A temporary pool is an above-ground pool that holds 3000 gallons of water or less. Temporary pools are sometimes called portable pools and seasonal pools. This is because they can be completely drained, moved, and stored away in colder months.

Generally, a temporary pool is a large inflatable swimming pool. There are also some temporary pools that require more assembly. Either way, it’s considered temporary as long as the pool holds less than 3000 gallons of water.


Even though temporary pools aren’t meant to stay in your yard forever, they still require some maintenance. You don’t want to be swimming in unsanitary water!

Therefore, you’ll still need to hook up a pump and filtration system for your temporary pool. This allows you to add chlorine and other chemicals as needed to keep the water sanitary.


Another thing to consider with a temporary pool is that you’ll need a large, level area in your yard. If you don’t already have a good spot for your pool, you might need to level the ground first. This can be a time-consuming and potentially costly project.

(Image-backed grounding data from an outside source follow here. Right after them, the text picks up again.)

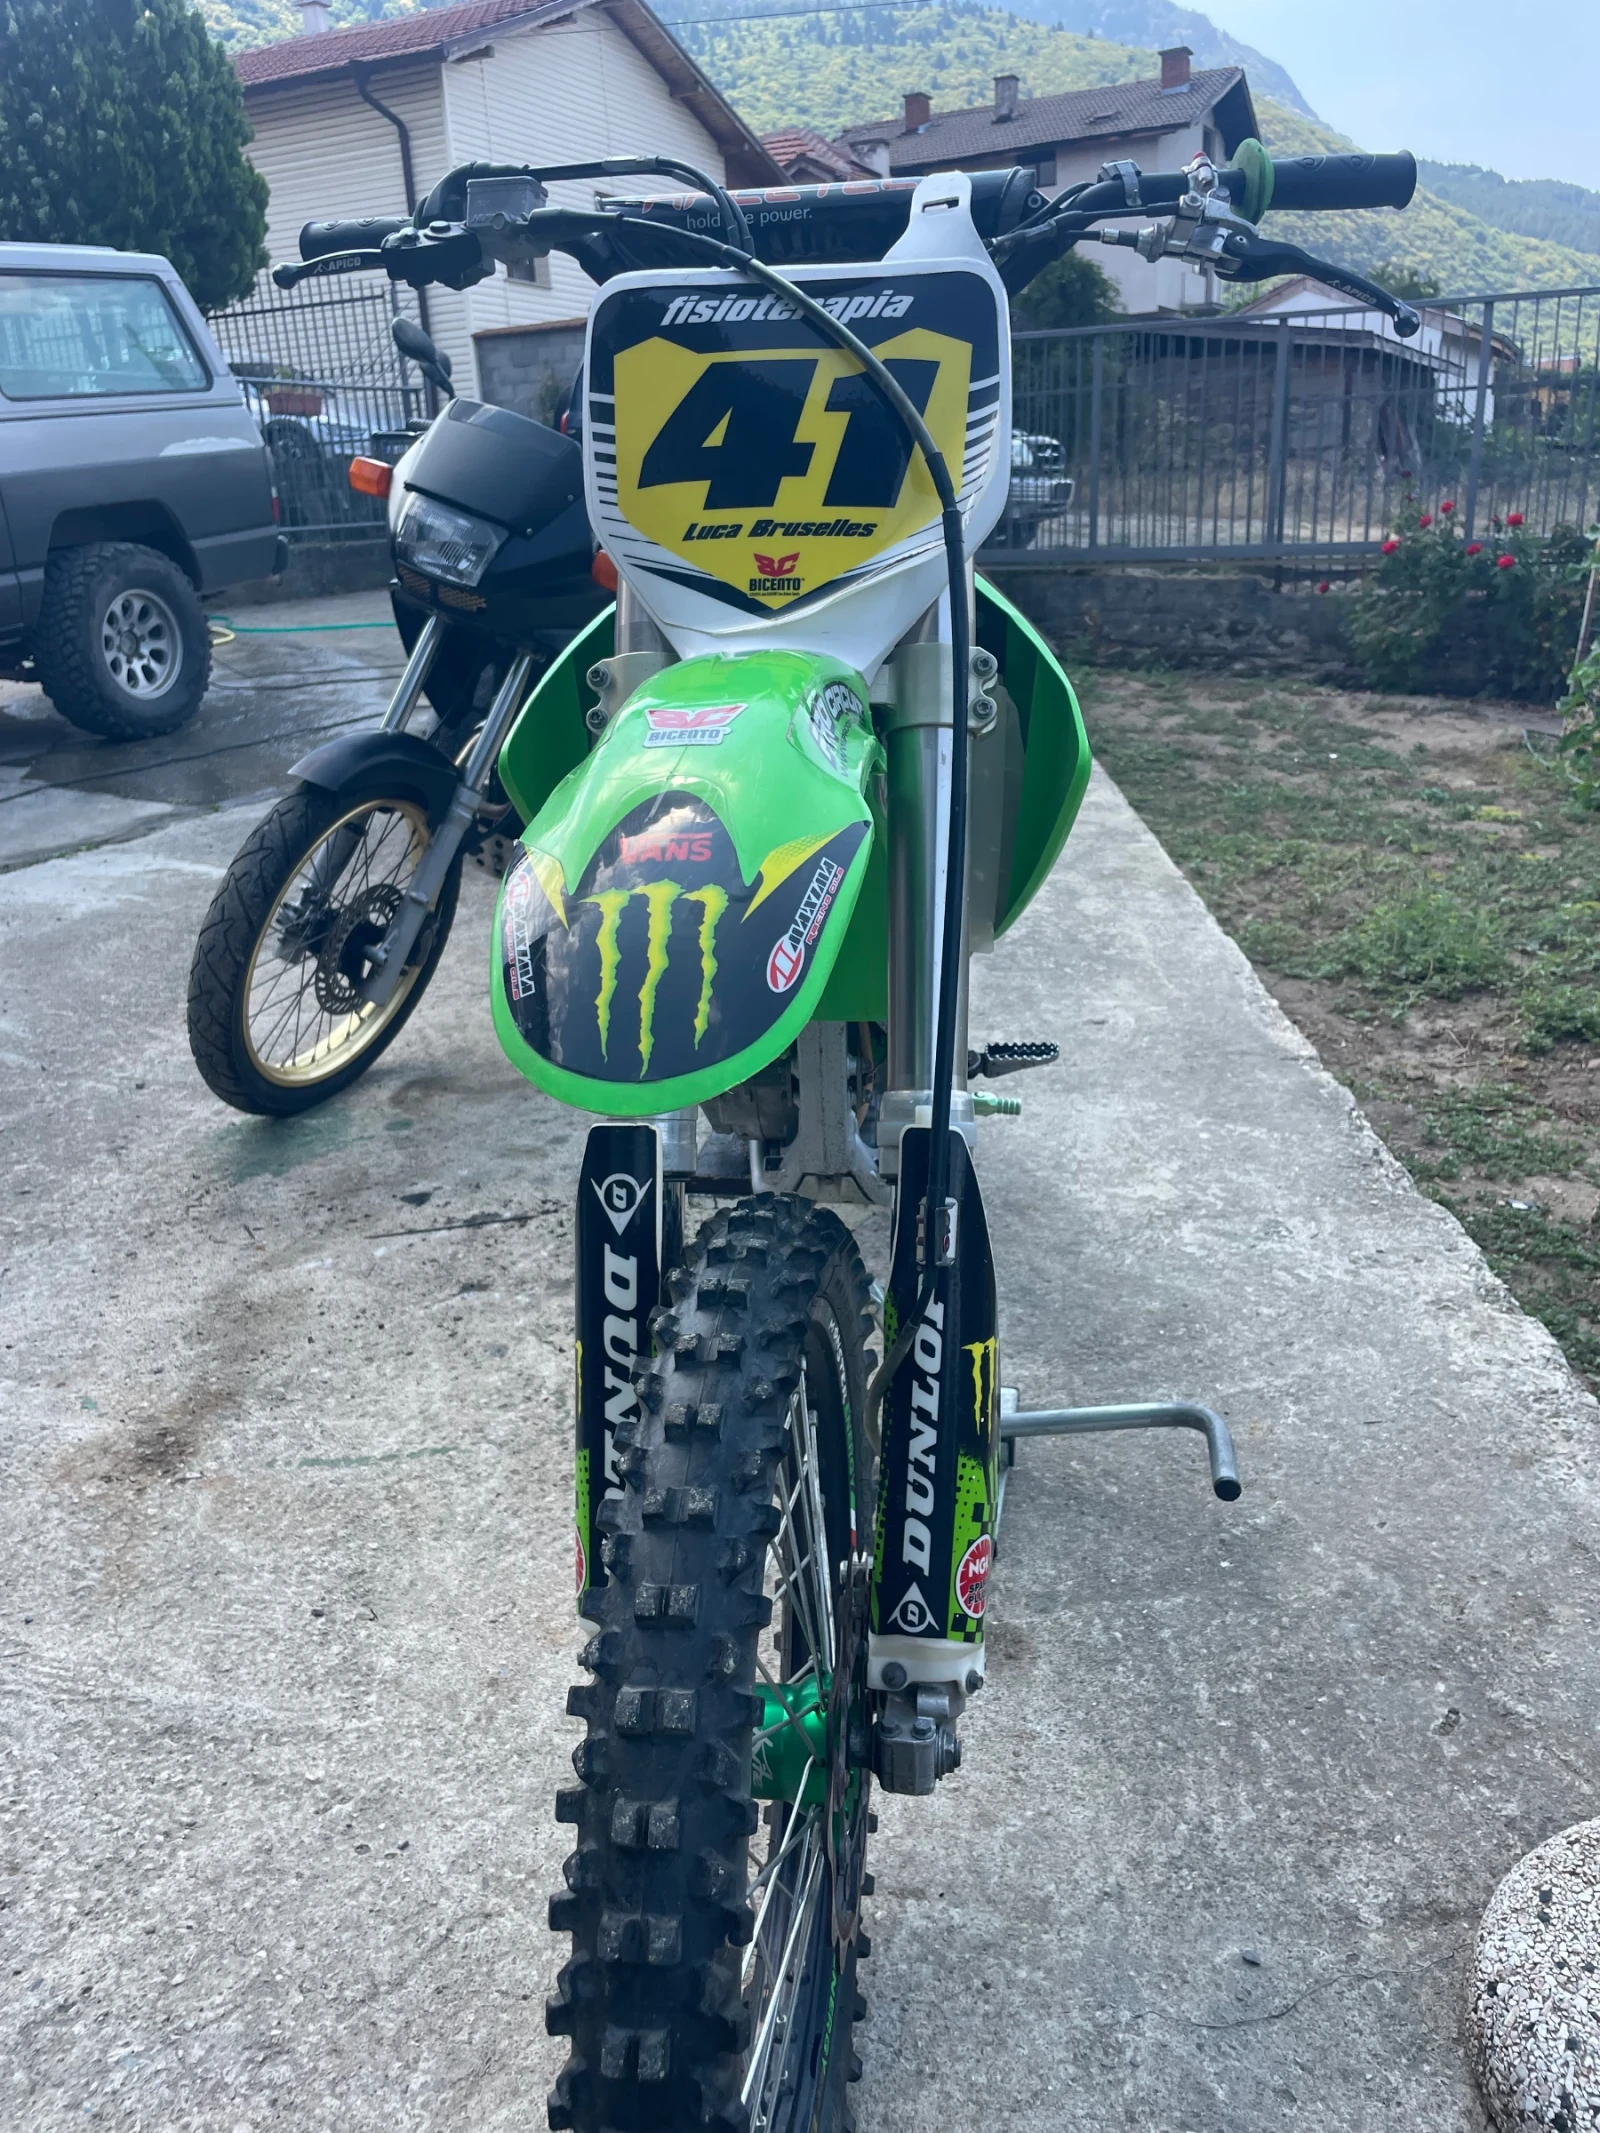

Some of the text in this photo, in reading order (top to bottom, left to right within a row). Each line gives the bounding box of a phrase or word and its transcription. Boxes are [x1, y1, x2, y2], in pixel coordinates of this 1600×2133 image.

[687, 212, 721, 230] hold
[760, 207, 813, 227] power.
[329, 256, 362, 271] APICO
[1342, 284, 1378, 305] APICO
[637, 358, 941, 511] 41
[682, 519, 878, 542] Luca Bruselles
[749, 577, 801, 591] BICENTO
[648, 729, 721, 742] BICENTO
[619, 833, 713, 864] VANS
[805, 866, 845, 945] RACING OILS
[603, 1242, 639, 1501] DUNL
[828, 1317, 848, 1405] MONSTER

Is A Permit Needed For A Temporary Pool?

Depending on your local laws and regulations, you might need a permit for a temporary pool. In most places, permits are only necessary for permanent pools. However, what classifies a pool as permanent can vary from state to state.

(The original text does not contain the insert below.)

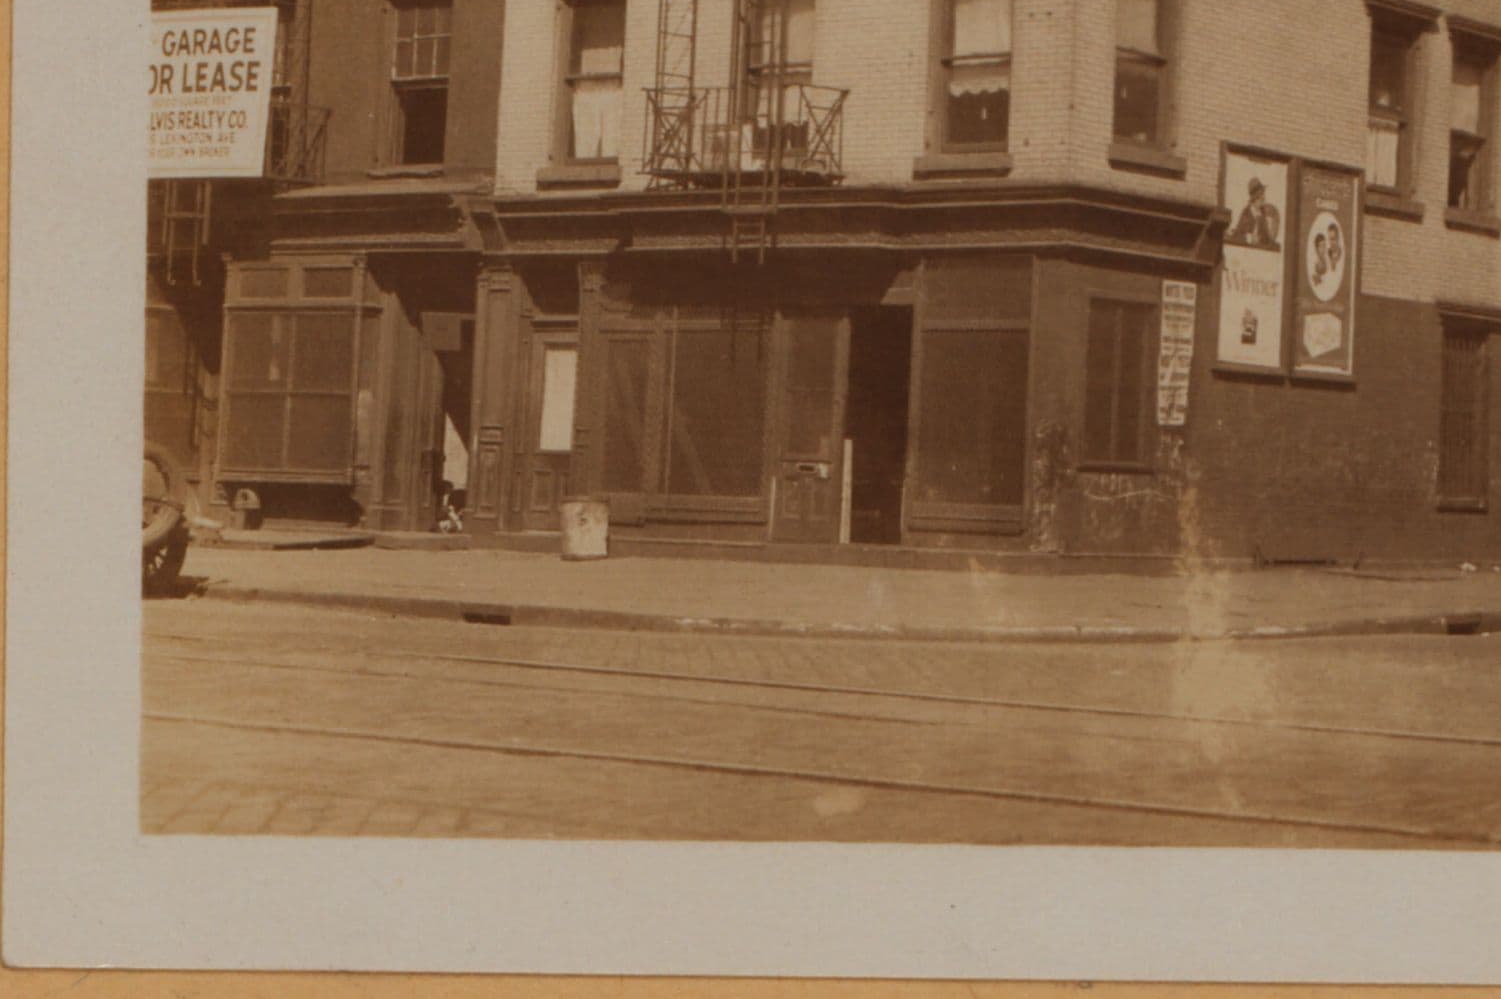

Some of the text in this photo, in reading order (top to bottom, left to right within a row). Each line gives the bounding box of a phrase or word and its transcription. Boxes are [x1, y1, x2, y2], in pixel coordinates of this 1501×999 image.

If your pool qualifies as a permanent pool, you’ll need a building permit. The permit covers the pool and the fence or other barrier that you’ll need to build around it.

But you also might need an electrical permit and a gas permit for a permanent pool. For example, if your pool uses a water pump or heater, you’ll need an electrical permit. If the water pump is powered by natural gas, then you’ll also need a gas permit.

Pros Of Temporary Pools

If you’re curious what types of benefits come with temporary pools, read on!


Of course, one of the benefits of choosing a temporary pool is the fact that it’s not permanent. It doesn’t have to stay in your yard forever and is meant to be replaced eventually. Temporary pools are perfect if you’re not ready to commit to a permanent pool.


Compared to permanent pools, temporary pools are much more affordable. High-quality permanent pools will run you at least $5000. Meanwhile, you can find some temporary pools for less than $1000.


Temporary pools can be drained and transported to other locations. If you want to take your pool to a friend’s house and set it up there, you can!


Want to move your pool to another location in the yard? Just drain the pool and move it; it’s as simple as that. Regularly moving your pool can help prevent damage to your grass.


In comparison to a permanent pool, a temporary pool is much more low-maintenance. Being above ground means there will be less risk of dirt and bugs accumulating. While you should use a pump and filtration system, repairs are typically more straightforward and less expensive.

Easy Installation

Setting up and filling a temporary pool is a DIY project that doesn’t require much expertise. There’s no need to bring in professionals or get a permit (in most cases–it depends on your location).


With a lower price and similar utility, temporary pools are often more cost-effective than permanent ones.

Cons Of Temporary Pools

Of course, there are a few drawbacks to consider before purchasing a temporary pool.

Not Ideal For Serious Swimmers

If you want a swimming pool that you can swim laps and dive in, then a temporary pool isn’t right for you. Temporary pools are meant more for kids to play around or for adults to relax in. They’re not usually large or deep enough for a person to dive and swim around in.

Prone To Damage

Due to its temporary nature, this type of pool is more likely to be damaged by bad weather. Another thing to note is that the weight of the pool can damage the grass underneath it. Watch out for sharp objects as well, since they can puncture the pool. This will lead to leakage and a mess in your yard.

May Require Fencing

If you have children or pets, you’ll want to consider adding fencing around your temporary pool. This comes with an added expense and may even require you to hire professionals to get the job done. However, it’s definitely important so that you can ensure your backyard is a safe environment.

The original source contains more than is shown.